{Reference Type}: Case Reports
{Title}: Mevalonic aciduria: Does stem cell transplant fully cure disease?
{Author}: Szymanski AM;Dávila Saldaña B;Ferreira CR;Loechelt B;Jung L;
{Journal}: Pediatr Transplant
{Volume}: 24
{Issue}: 1
{Year}: 02 2020
{Factor}: 1.551
{DOI}: 10.1111/petr.13604
{Abstract}: MA is a rare, autosomal recessive disorder characterized by episodes of inflammation and periodic fevers. In its most severe form, it can result in facial dysmorphism, growth inhibition, ataxia, liver dysfunction, intellectual disability, and at times can be fatal. A number of case reports exist stating that SCT is curative in these patients.
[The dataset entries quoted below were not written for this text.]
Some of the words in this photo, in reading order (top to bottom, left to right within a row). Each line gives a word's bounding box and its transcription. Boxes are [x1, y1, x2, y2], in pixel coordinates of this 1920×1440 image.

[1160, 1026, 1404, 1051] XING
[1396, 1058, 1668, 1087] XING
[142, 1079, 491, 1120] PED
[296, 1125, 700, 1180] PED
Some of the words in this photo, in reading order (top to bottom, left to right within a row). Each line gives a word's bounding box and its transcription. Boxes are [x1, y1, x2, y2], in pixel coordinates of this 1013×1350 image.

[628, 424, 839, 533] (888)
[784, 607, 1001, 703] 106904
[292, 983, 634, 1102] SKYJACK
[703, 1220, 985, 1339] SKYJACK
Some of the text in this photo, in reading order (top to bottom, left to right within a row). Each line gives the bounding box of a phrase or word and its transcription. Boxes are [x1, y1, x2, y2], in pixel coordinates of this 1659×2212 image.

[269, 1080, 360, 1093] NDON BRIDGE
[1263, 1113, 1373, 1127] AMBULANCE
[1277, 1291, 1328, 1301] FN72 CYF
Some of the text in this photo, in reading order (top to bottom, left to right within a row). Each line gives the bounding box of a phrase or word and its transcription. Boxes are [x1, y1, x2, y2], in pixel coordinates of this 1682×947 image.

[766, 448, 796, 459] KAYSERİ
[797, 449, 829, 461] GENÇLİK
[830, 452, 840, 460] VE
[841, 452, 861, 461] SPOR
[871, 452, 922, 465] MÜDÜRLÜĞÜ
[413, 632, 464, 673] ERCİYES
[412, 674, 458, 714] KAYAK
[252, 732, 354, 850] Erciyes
We present the case of a patient diagnosed with MA at birth, who underwent SCT at the age of 14 months with intent to cure. She achieved complete engraftment and urine mevalonate became undetectable. However, 18 months following transplant, she developed frequent episodes of fevers, rashes, arthritis, and a rising urinary mevalonate. She was subsequently diagnosed with relapse. She now requires treatment with steroids and canakinumab to manage her disease. This case is the first report of disease relapse following transplant for MA. It runs contrary to prior reports that SCT is fully curative of MA and suggests that transplant may instead provide a means of decreasing disease severity without entirely eradicating the condition.